Rede von Oberbürgermeister Mike Schubert anlässlich der Lesung und Diskussion zum Thema „Europa versagt. Eine menschliche Flüchtlingspolitik ist möglich“

Oberbürgermeister Mike Schubert bei der Podiumsdiskussion zur Lesung „Europa versagt“ mit Dr. Malisa Zobel und der Autorin Prof. Gesine Schwan.
© Landeshauptstadt Potsdam / Flavia Abrudan-Markett
Oberbürgermeister Mike Schubert bei der Podiumsdiskussion zur Lesung „Europa versagt“ mit Dr. Malisa Zobel und der Autorin Prof. Gesine Schwan. Foto: Landeshauptstadt Potsdam / Flavia Abrudan-Markett

Oberbürgermeister Mike Schubert hielt heute im Rahmen der Lesung „Europa versagt“ an der Podiumsdiskussion mit der Autorin Prof. Gesine Schwan im Filmmuseum Potsdam eine Rede.

Hier finden Sie die Rede im Wortlaut, es gilt das gesprochene Wort:

Liebe Prof. Gesine Schwan,
liebe Frau Dr. Zobel,
sehr geehrte Damen und Herren,
es ist für mich eine große Freude und Ehre, heute mit Ihnen über das provokante, pragmatische und zugleich emotionale Buch „Europa versagt“ zu sprechen.
Zwölf Thesen, zwölf Lösungsansätze – eine Win-win-Strategie, die zu einem pragmatischen und zugleich emotionalen Perspektivenwechsel der Migrationspolitik führen sollen. So sollen die langfristigen Interessen Europas ins Auge gefasst werden. Das ist für mich die Quintessenz des Buches. Es ist eine Essenz der Arbeit meiner langjährigen Freundin, Gesine Schwan, die ich sehr schätze.

Auch das Engagement von Frau Dr. Zobel habe ich bereits anlässlich der Gründung der Internationalen Allianz in Palermo kennen und schätzen gelernt. Unter ihrer Mitarbeit ist das Buch geschrieben worden.
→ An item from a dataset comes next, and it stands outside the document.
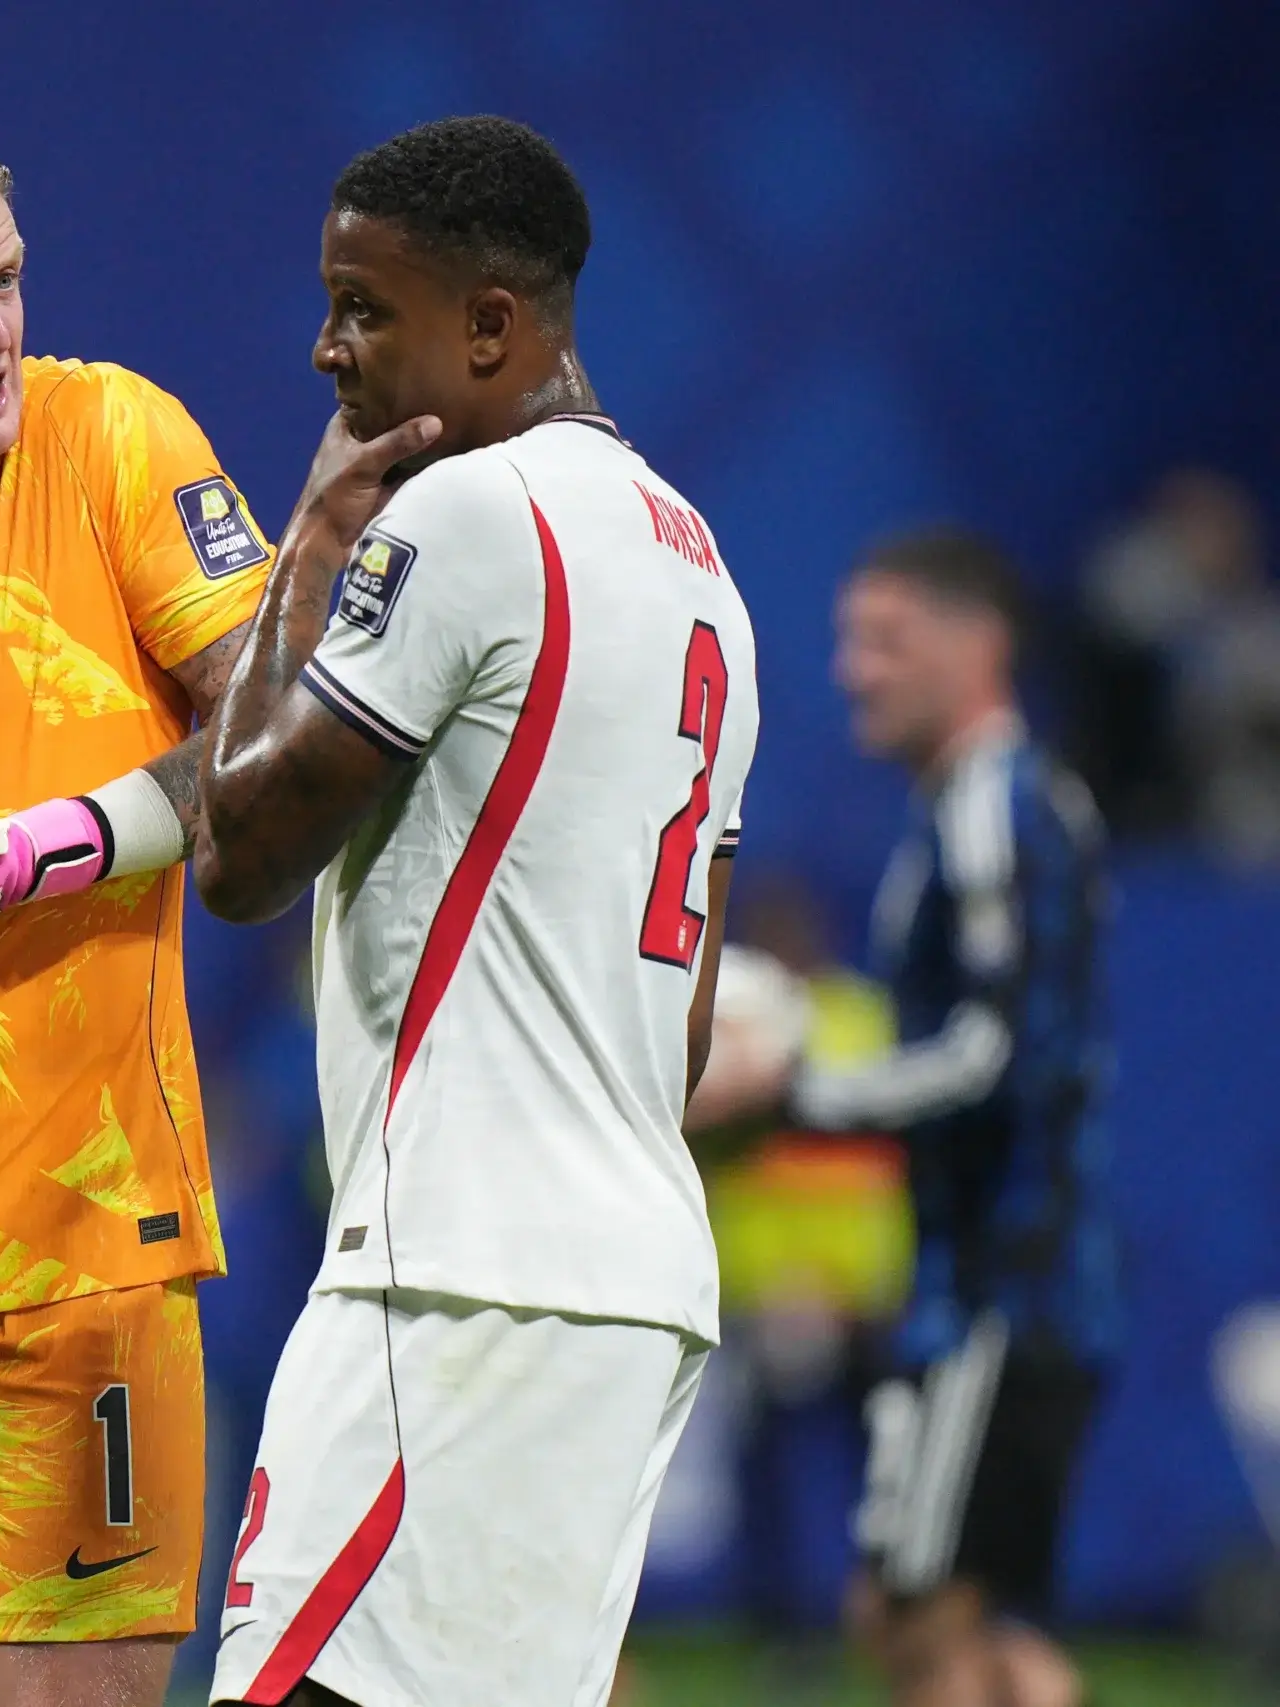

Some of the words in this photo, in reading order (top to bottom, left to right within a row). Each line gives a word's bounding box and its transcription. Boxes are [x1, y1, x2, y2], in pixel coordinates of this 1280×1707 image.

[205, 532, 251, 559] EDUCATION
[639, 618, 728, 976] 2
[93, 1383, 133, 1526] 1
[225, 1466, 270, 1609] 2
Auch ihr gebührt deshalb Respekt dafür.
Zur Auseinandersetzung mit dem anspruchsvollen Buch, will ich einige Gedankenspiele aufmachen:
Wie wäre es erstens mit einer Koalition williger Staaten, die eine freiwillige Vereinbarung über die Aufnahme von Flüchtlingen abschließen und durch unterschiedliche Anreize motiviert werden, statt immer neue Verpflichtungen aufzuerlegen?

Wie wäre es zweitens mit einer Finanzierung über einen „Europäischen Fonds für Kommunale Integration und Entwicklung“, bei dem die aufnahmewilligen Kommunen die Finanzierung der Integration der Flüchtlinge beantragen können?  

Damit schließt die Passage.